Тема безумия войны захватывала Андреева постепенно, но в результате овладела им полностью и истощила его творческую энергию на долгие месяцы. Представить, как это происходило, и понять особое отношение автора «Красного смеха» к своему произведению помогают письма Андреева к критику М. П. Неведомскому. «Продолжаю работать над „Войною“ [73]
— выходит скверно: плоско, бледно, тускло. Есть вопросы, в которых невозможно, кажется, оставаться художником, вот хотя бы эта война. Начну благородно, по-художественному: „стоял — дескать — прекрасный летний день…“, а кончу, как извозчик, ругательствами: „подлецы, мерзавцы, убийцы…“ и т. п. И правда: живут, черти, чуть не миллион лет, а не могут устроить так, чтобы не драться. Дичь какая-то». Другое письмо, написанное уже по окончании работы, нельзя не привести целиком: «Дорогой Михаил Петрович! Ношу вас в мыслях моих, и много раз подходил я к письменному столу и начинал, „дорогой Михаил Петрович“, и бросал. Отвращение к перу, к бумаге, к чернилам — Вы это понимаете? Думается и говорится с охотою, а писать не могу.Ожидаю, как цензура поступит с моим „Красным смехом“. Вырежут, мерзавцы! Он уже здорово окорочен. Даже „любители российской словесности“, люди либеральные, почтенные, умные, чуть-чуть не анархисты — и те читать рассказ отказались: слишком-де сильное впечатление (?!) производит, так что, избави бог, студенты произведут демонстрацию и общество закроют. Что же может сказать цензура? Как ни странно, а особенного огорчения, если зарежут, я не испытаю — и мотивы к тому странные. Несколько раз я читал „К. С.“ публично — и с каждым разом это занятие становилось мне все противнее и противнее. И чувство, с которым я возвращался домой, было такое: будто я кому-то протянул руку, чтобы поздороваться, а он, толстый, плоскорожий, самодовольный, поглядел на меня и отвернулся — не то просто не заметил, не то не счел нужным. Так рука моя и осталась в воздухе.
Когда ругают другие мои рассказы — как вот теперь дружно ругают „Призраки“, — я остаюсь к этому весьма равнодушен и иногда даже радуюсь. Дело, так сказать, мое личное: я вот этак написал и этак думаю, а ему не нравится, ну и бог с ним. А к этому рассказу я не мог простить даже равнодушного отношения — быть может потому, что тут слишком мало „рассказа“ и много боли, б. м. потому, что слишком еще живы в памяти моей те действительно безумные ночи, когда он писался.

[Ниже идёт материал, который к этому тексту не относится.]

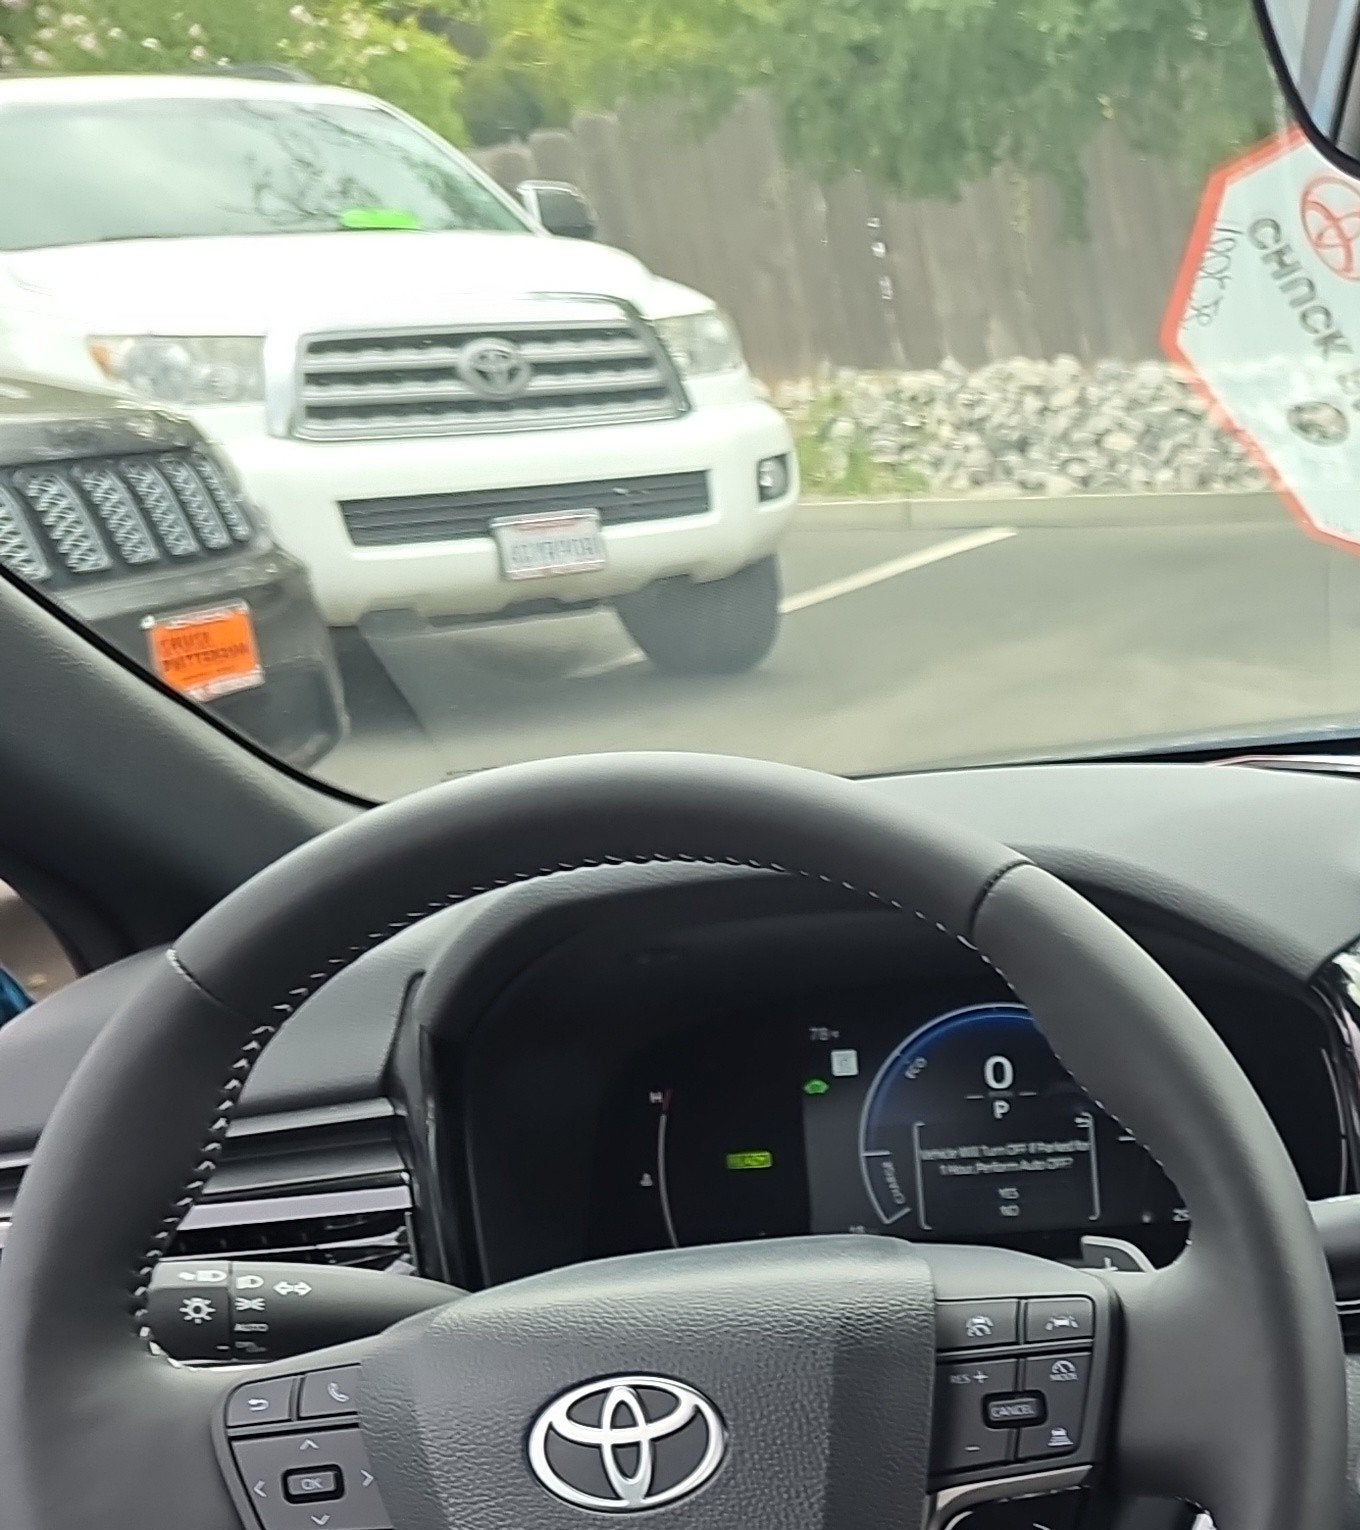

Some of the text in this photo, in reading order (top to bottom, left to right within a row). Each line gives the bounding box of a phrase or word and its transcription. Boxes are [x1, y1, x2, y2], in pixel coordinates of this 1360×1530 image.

Вы поверите: когда часа в 2–3 я кончал работать, вокруг меня все плясало, какие-то тени мелькали, я видел
Почти все время, пока я писал, у меня было сердцебиение — а раз, опять-таки ночью, я вдруг страшно почувствовал, что голова моя не выдержала и я схожу с ума. Ужасное чувство! Ведь не нужно забывать, что замысел, чувства относятся к передаче, как 100 — к 1 и что написанное мною только намек на испытанное.
И вдруг, читая, в толпе я вижу эту плоскую, равнодушную рожу, или слышу сдержанный смех, болтливый шепот, вижу барыню, которая, пристально глядя на меня, чтобы показать внимание, рукою оправляет прическу, и я знаю — думает только о прическе. А потом снисходительные комплименты, рассуждения о том, что рассказ мой сейчас
И когда я еду домой, мне становится так скучно, и кажется, что я написал совсем плохой, ничтожный рассказ, и стыдно делается своих „сердцебиений“, жены, которая сидит рядом, письменного стола, бумаги.
Повторяю, я вовсе не самолюбив, но если рассказ будет напечатан и его станут бранить — „опять-де Л. Андреев подарил нас сумасшедшим домом, и не понимаю я, к чему это пишет он такие вещи… Эдгар По… Пшибышевский… весна… дружная общественная работа… а он все выдумывает… и на войне-то не был…“ — мне будет анафемски неприятно. Теперь я понимаю этих малоталантливых авторов, которые напишут что-нибудь „кровью своего сердца“, а над ними насмеются, а они и начинают заниматься самообожанием и презрением.
До самообожания я, к несчастью, никогда дойти не могу, скорее наоборот, а вот этакая сатанински-высокомерная, совсем гиппиусовская мысль у меня мелькала: сжечь рассказ. Показать его издалека — и сжечь. Конечно, это беллетристика, и довольно плохая беллетристика, но если рассказ в цензуре не пройдет, особенно огорчаться не стану» (Искусство, 1925, № 2, с. 268–270).